- What is required: When a picture appears in the listing, leave it out and copy the rest exactly as it stands.

- Material to process:
++++++++++
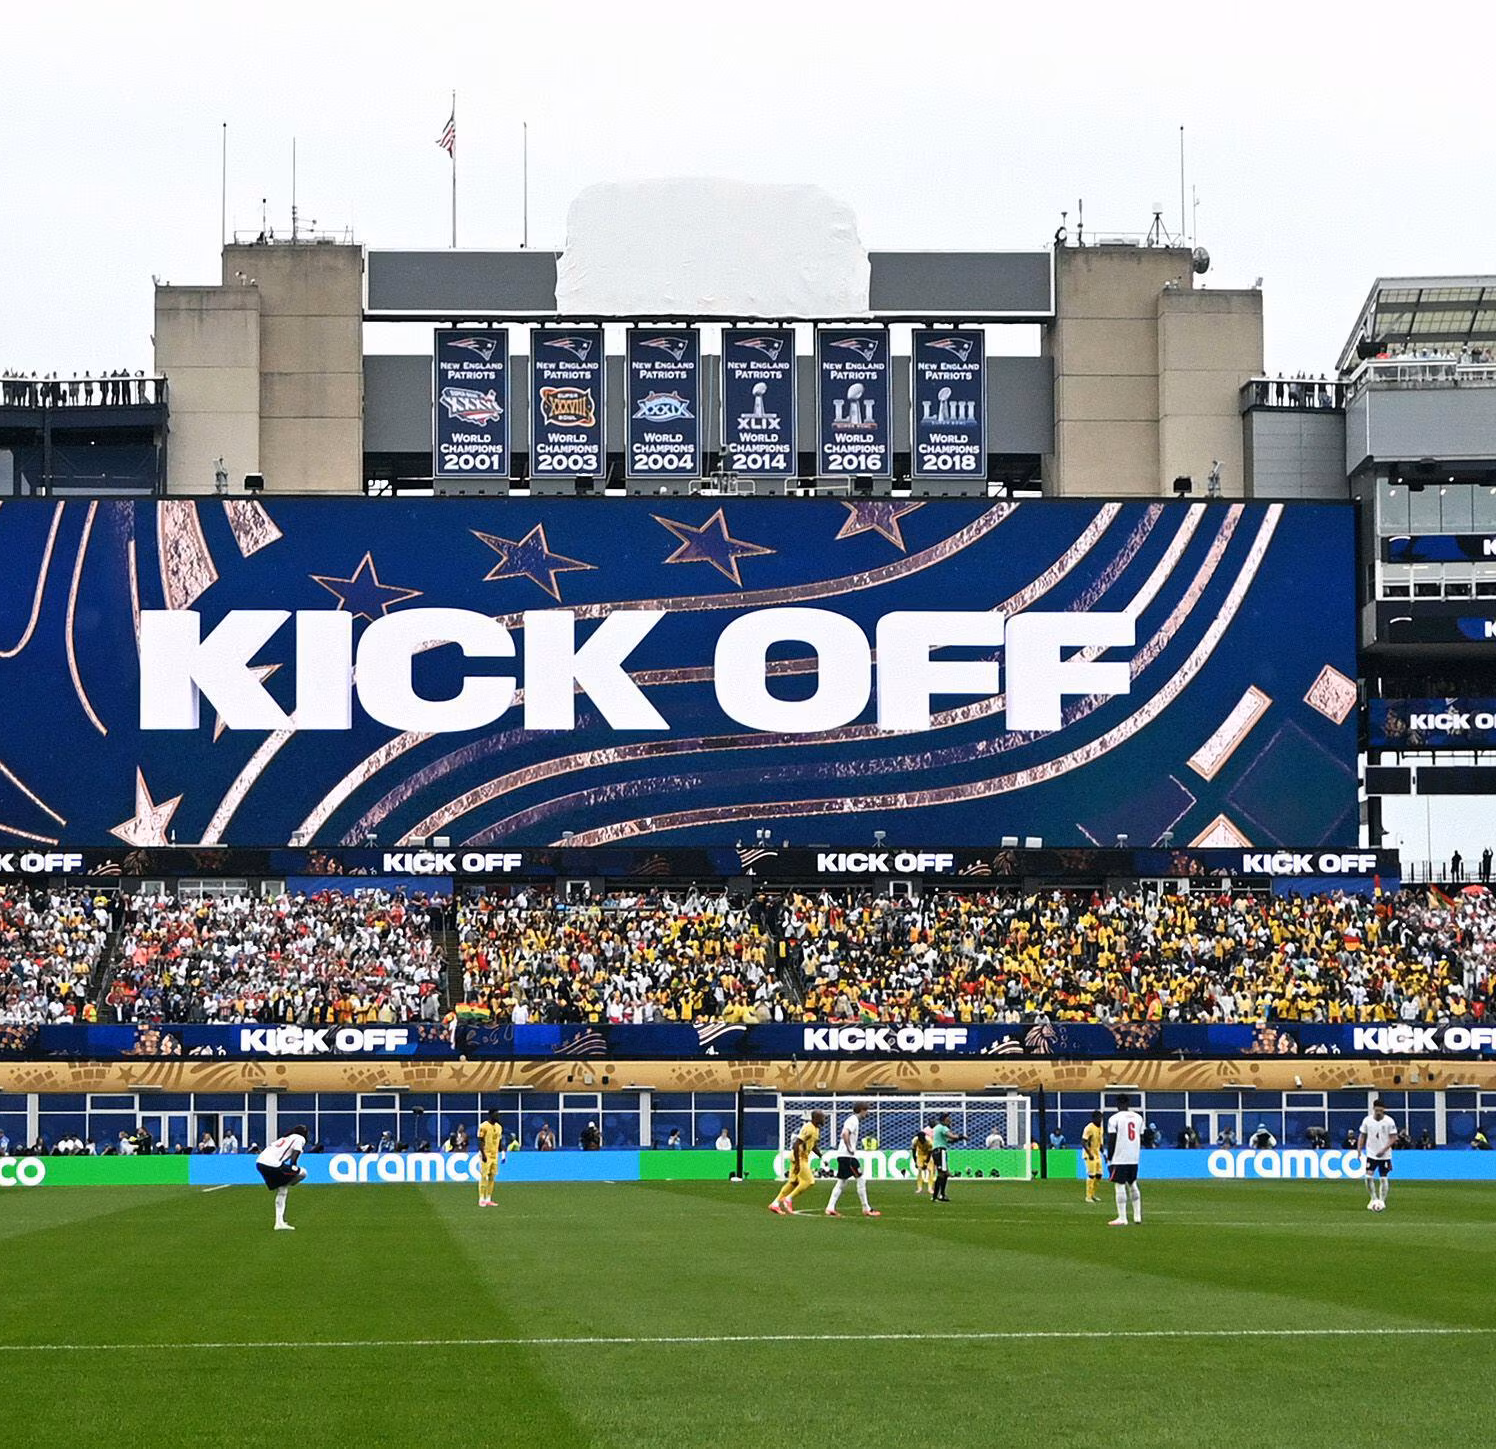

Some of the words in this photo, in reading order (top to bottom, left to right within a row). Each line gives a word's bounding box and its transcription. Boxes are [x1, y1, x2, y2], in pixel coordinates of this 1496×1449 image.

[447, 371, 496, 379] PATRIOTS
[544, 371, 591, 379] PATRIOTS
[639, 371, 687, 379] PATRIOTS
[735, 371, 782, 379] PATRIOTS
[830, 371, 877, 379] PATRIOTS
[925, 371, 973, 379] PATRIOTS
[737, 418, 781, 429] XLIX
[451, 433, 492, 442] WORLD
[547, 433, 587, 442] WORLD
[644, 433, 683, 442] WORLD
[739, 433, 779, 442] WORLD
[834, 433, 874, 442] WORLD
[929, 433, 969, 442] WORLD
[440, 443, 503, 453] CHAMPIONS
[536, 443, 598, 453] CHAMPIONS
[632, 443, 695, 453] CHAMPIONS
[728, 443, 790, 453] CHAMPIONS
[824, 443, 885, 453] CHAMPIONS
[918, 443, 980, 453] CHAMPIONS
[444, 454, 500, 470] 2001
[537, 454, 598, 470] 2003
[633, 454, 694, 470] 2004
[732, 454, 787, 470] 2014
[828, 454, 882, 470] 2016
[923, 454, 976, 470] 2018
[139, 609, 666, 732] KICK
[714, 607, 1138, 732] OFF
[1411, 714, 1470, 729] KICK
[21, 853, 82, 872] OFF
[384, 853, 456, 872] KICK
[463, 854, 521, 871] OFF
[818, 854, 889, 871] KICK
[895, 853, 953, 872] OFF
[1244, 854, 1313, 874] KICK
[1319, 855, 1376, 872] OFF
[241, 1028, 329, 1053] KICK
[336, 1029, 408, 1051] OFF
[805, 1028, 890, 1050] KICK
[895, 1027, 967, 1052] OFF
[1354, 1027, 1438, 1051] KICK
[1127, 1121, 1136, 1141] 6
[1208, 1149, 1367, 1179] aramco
++++++++++
- Problem solution:
Some of the words in this photo, in reading order (top to bottom, left to right within a row). Each line gives a word's bounding box and its transcription. Boxes are [x1, y1, x2, y2], in pixel coordinates of this 1496×1449 image.

[447, 371, 496, 379] PATRIOTS
[544, 371, 591, 379] PATRIOTS
[639, 371, 687, 379] PATRIOTS
[735, 371, 782, 379] PATRIOTS
[830, 371, 877, 379] PATRIOTS
[925, 371, 973, 379] PATRIOTS
[737, 418, 781, 429] XLIX
[451, 433, 492, 442] WORLD
[547, 433, 587, 442] WORLD
[644, 433, 683, 442] WORLD
[739, 433, 779, 442] WORLD
[834, 433, 874, 442] WORLD
[929, 433, 969, 442] WORLD
[440, 443, 503, 453] CHAMPIONS
[536, 443, 598, 453] CHAMPIONS
[632, 443, 695, 453] CHAMPIONS
[728, 443, 790, 453] CHAMPIONS
[824, 443, 885, 453] CHAMPIONS
[918, 443, 980, 453] CHAMPIONS
[444, 454, 500, 470] 2001
[537, 454, 598, 470] 2003
[633, 454, 694, 470] 2004
[732, 454, 787, 470] 2014
[828, 454, 882, 470] 2016
[923, 454, 976, 470] 2018
[139, 609, 666, 732] KICK
[714, 607, 1138, 732] OFF
[1411, 714, 1470, 729] KICK
[21, 853, 82, 872] OFF
[384, 853, 456, 872] KICK
[463, 854, 521, 871] OFF
[818, 854, 889, 871] KICK
[895, 853, 953, 872] OFF
[1244, 854, 1313, 874] KICK
[1319, 855, 1376, 872] OFF
[241, 1028, 329, 1053] KICK
[336, 1029, 408, 1051] OFF
[805, 1028, 890, 1050] KICK
[895, 1027, 967, 1052] OFF
[1354, 1027, 1438, 1051] KICK
[1127, 1121, 1136, 1141] 6
[1208, 1149, 1367, 1179] aramco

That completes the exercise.